Il y a surtout une coordination sectorielle concernant des programmes spécifiques, comme la lutte contre le sida ou la planification familiale, la santé de la reproduction, etc. Mais je crois qu’il reste beaucoup d’efforts à faire pour avoir une coordination globale entre tous les acteurs du domaine de la santé. La coordination va bien au-delà de réunions périodiques ou de la mise en place d’un réseau, il faut qu’elle permette d’optimiser la contribution de chacun dans le cadre d’efforts qui se conjuguent pour qu’on règle les problèmes de santé.

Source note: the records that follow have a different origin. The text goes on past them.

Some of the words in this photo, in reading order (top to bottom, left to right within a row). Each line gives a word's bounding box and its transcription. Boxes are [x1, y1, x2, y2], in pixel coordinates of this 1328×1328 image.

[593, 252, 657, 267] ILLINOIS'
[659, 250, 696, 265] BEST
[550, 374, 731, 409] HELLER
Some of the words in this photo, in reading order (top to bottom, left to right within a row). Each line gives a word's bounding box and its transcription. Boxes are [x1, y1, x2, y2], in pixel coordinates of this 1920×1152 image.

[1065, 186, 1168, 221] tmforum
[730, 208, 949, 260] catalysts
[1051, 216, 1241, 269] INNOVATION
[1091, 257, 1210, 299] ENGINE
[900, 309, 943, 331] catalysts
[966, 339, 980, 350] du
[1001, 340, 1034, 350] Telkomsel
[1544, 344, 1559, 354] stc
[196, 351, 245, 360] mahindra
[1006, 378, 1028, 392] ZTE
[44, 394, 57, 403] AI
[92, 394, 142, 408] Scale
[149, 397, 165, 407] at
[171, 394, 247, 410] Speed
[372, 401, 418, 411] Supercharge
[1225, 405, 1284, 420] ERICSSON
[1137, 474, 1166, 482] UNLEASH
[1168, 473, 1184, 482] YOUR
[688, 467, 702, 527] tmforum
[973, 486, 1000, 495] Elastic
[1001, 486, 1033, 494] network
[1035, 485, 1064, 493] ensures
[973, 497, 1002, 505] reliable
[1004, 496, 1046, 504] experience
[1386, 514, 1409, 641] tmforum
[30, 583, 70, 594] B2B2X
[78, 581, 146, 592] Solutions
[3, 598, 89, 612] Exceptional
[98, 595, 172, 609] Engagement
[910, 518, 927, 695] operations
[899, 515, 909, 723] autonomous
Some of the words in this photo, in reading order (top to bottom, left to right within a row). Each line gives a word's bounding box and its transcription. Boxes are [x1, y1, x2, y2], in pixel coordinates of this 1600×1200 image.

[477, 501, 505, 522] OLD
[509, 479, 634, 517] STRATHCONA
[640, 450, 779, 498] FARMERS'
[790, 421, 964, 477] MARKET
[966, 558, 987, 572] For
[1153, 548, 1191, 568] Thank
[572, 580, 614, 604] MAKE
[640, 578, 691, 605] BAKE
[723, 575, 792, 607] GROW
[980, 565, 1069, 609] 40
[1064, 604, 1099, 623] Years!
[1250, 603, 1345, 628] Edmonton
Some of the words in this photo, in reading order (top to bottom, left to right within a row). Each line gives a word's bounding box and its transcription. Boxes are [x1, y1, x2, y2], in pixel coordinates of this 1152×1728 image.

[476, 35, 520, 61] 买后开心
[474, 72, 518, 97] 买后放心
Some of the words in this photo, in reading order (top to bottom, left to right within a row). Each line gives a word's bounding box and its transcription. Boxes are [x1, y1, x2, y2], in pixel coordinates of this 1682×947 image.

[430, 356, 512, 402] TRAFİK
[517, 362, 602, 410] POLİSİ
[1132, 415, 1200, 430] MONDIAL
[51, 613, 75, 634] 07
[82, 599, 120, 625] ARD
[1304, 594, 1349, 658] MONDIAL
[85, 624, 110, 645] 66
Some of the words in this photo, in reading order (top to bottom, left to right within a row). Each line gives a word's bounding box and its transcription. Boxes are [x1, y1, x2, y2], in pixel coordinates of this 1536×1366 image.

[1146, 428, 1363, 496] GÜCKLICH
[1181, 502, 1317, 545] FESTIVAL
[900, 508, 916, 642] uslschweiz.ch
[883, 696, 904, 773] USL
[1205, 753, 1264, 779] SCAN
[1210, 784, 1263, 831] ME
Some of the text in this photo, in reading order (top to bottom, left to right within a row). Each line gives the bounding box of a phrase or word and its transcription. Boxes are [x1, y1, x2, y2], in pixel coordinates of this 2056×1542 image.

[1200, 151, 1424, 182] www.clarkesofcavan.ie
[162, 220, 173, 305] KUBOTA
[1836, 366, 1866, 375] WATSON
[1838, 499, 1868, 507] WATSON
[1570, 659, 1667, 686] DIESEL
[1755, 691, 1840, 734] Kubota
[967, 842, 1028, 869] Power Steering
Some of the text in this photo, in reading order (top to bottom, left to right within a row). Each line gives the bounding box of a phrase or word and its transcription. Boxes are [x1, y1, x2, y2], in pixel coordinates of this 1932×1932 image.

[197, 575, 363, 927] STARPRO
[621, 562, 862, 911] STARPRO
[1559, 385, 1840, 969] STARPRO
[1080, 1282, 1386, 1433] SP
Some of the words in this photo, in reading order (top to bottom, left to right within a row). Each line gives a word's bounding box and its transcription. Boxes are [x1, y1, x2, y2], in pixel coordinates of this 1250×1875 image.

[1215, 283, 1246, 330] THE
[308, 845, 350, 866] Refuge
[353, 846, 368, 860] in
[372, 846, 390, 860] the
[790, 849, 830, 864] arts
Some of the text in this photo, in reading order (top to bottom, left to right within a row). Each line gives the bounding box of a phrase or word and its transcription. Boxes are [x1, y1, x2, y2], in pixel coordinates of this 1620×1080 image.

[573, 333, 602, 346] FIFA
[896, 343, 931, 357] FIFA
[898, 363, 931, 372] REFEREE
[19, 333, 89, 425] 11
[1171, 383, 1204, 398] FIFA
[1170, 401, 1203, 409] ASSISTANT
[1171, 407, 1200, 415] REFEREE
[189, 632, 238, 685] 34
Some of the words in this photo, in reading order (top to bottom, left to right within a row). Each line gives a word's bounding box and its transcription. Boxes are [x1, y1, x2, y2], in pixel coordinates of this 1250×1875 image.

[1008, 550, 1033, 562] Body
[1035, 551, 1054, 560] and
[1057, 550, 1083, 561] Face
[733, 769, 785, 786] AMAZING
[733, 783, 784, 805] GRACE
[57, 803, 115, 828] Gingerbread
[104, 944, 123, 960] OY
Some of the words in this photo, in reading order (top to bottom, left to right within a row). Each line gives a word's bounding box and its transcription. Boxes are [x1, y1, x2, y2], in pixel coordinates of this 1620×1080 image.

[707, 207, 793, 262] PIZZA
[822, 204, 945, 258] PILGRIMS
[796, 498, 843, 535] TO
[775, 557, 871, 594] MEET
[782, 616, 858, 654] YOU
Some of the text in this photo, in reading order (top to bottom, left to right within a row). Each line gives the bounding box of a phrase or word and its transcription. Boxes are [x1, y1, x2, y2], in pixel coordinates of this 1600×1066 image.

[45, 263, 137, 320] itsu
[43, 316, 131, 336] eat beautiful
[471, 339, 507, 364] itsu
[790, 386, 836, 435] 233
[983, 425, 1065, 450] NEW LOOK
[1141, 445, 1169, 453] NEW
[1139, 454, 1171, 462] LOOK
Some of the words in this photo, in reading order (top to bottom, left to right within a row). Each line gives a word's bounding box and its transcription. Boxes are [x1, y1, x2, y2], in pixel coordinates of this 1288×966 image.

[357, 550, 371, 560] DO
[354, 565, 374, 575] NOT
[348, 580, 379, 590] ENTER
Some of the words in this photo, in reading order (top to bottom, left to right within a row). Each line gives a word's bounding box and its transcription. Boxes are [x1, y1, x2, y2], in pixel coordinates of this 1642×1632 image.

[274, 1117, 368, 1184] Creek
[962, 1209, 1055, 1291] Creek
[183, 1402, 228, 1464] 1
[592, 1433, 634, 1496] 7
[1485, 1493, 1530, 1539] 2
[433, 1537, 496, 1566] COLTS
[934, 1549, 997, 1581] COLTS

Sur certaines questions de santé, je pense que le Sénégal a vraiment toutes les cartes en mains pour régler définitivement les problèmes. Que ce soit pour le sida ou le paludisme, nous avons des connaissances, des médecins bien formés et des ONG extrêmement mobilisées et ce sont seulement quelques blocages qui empêchent les choses d’avancer. Parmi les blocages, il y a le manque de coordination des efforts et le fait que l’Etat ne fait pas de la santé une priorité absolue dans ses investissements. Au Sénégal, il y a encore beaucoup de goulots d’étranglement structurels ou techniques mais je suis persuadé qu’avec une bonne articulation de l’action du gouvernement et de la société civile, on peut arriver à contrôler ces trois épidémies.
Crédit photo : Les espaces volontariats
Daouda Diouf est directeur exécutif de l’ONG Enda Santé depuis 2003. Diplômé en économie sociale de l’université Cheikh Anta Diop de Dakar, il est intervenu avec Enda Santé dans plusieurs pays à travers le monde comme la Papouasie Nouvelle guinée, l’Ethiopie ou encore la Thaïlande.